Advanced cloth face mask research through material and design studies

Advanced cloth face mask research through material and design studies

This project evaluated how different cloth mask materials and designs perform after repeated cleaning, with the goal of balancing filtration effectiveness and wearer comfort. Results showed that most fabrics retained – or even improved – filtration efficiency after 40 decontamination cycles, but often became less breathable due to shrinkage, fiber damage, and detergent buildup. 

The study also introduced a new method for assessing mask fit during movement using 3D head scans, enabling more accurate evaluation of leakage and comfort.

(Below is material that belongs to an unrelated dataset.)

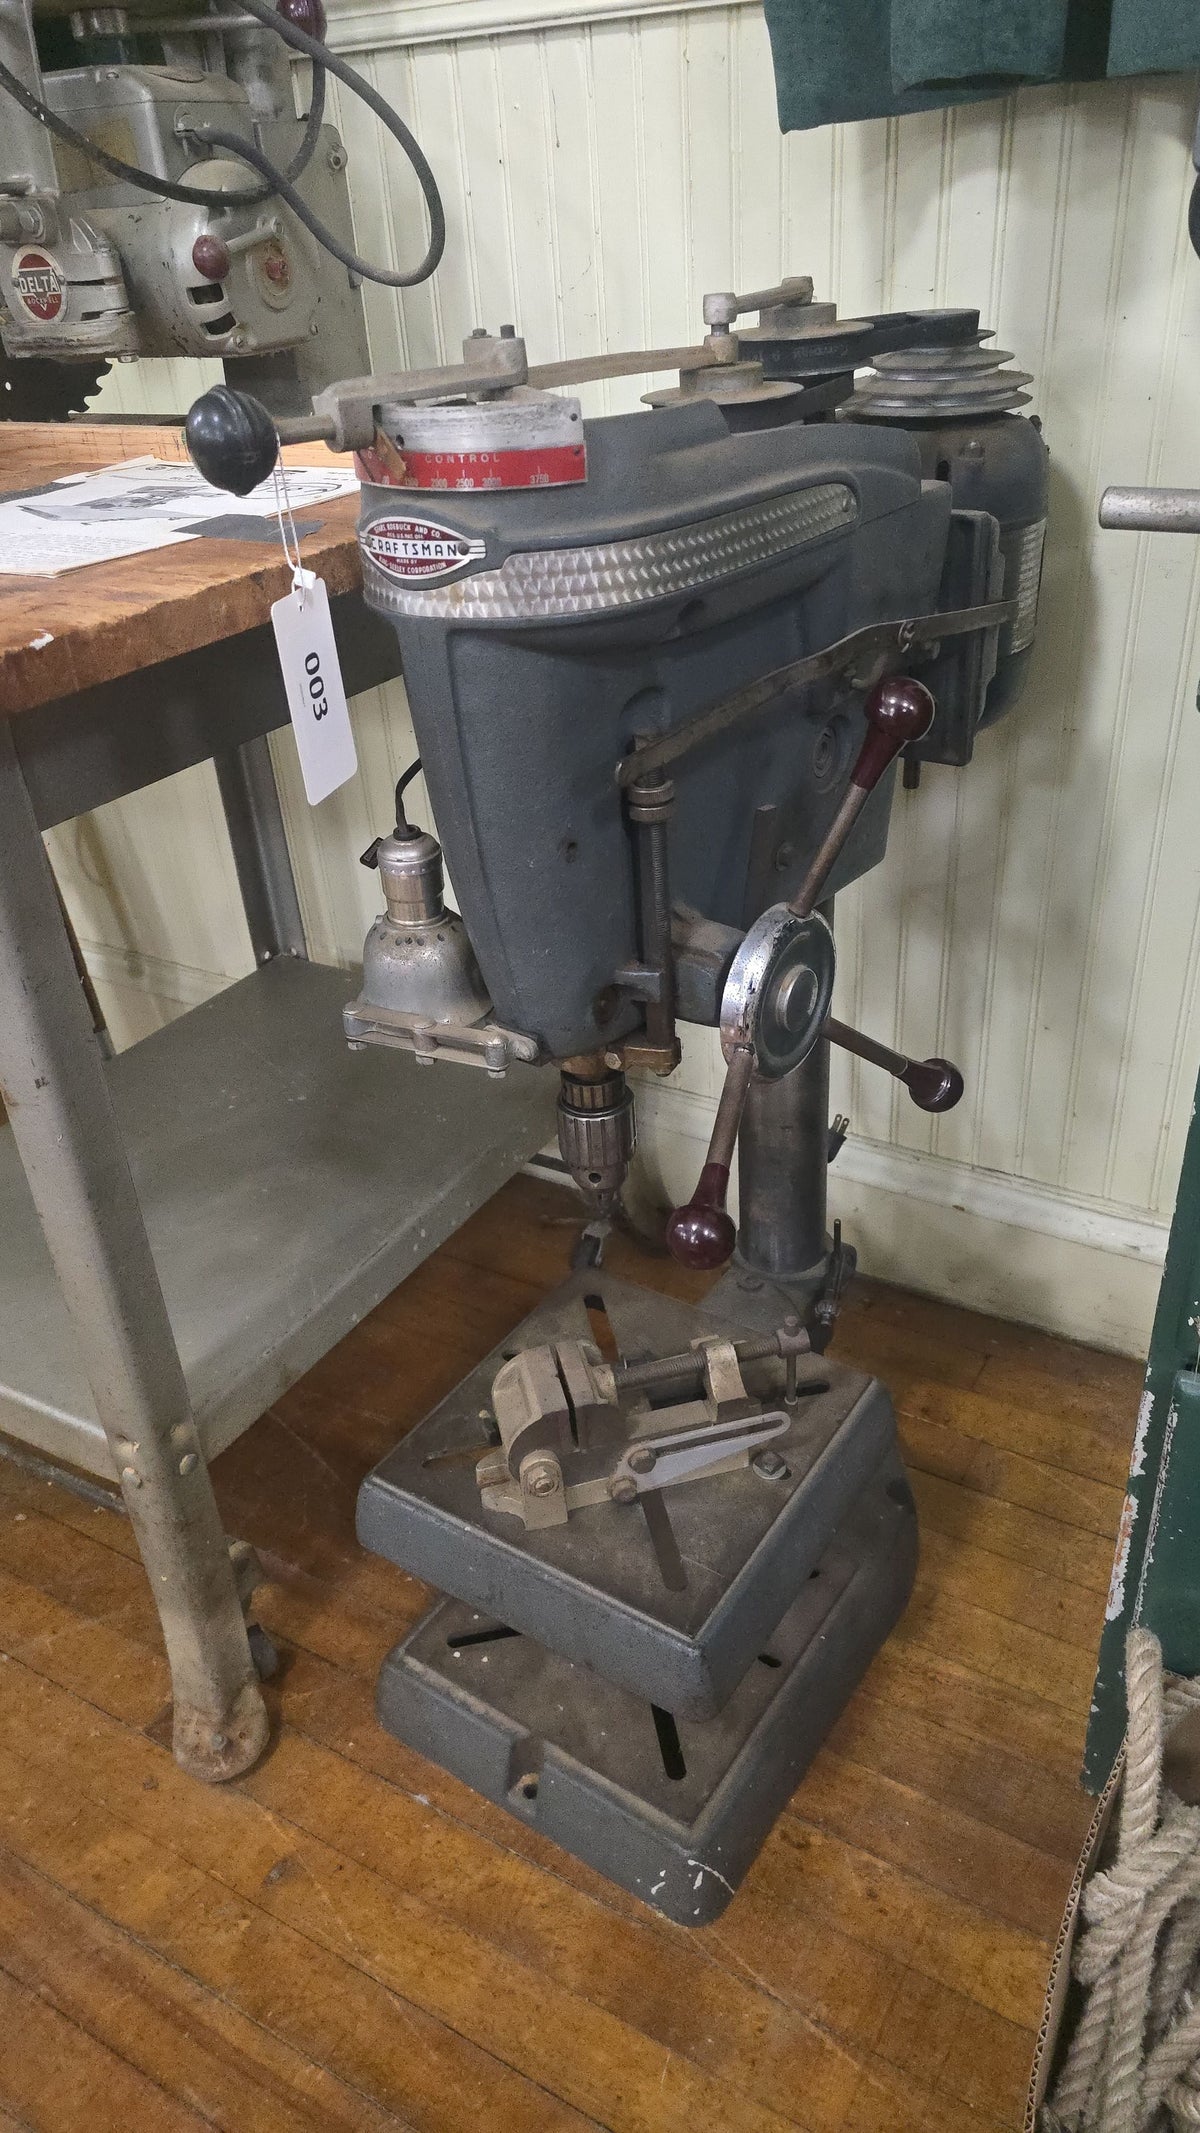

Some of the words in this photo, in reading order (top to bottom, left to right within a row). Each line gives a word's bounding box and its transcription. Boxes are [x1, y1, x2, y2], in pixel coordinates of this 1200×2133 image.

These findings provide evidence-based guidance for designing reusable, high-performing cloth masks, and the fit-assessment method offers a scalable tool for improving not only masks but also broader wearable headgear.

1. Our decontamination work found that while most fabrics maintained or improved their filtration efficiency after 40 decontamination cycles, the air permeability of many fabrics decreased due to detergent buildup, fiber breakage, and fabric shrinkage. Tightly woven cotton fabrics had unacceptably low air permeability and filtration efficiency. Knit and nonwoven structures had the best balance of properties; although we do not recommend these fabrics as single-layer masks, they have potential use in multilayer masks. 

2. We developed a new methodology to assess the dynamic fit of face masks, a methodology that can be implemented within an iterative design process to enable new face mask prototypes that optimize comfort, fit, and filtration performance, with possibilities as smart wearable devices. 

While public interest in and need for face masks has thankfully waned for the time being, our work will provide scientifically validated information when the need arises again. Further, the design results we generated can be generalized beyond cloth face masks to other face masks and headgear (medical and non-medical).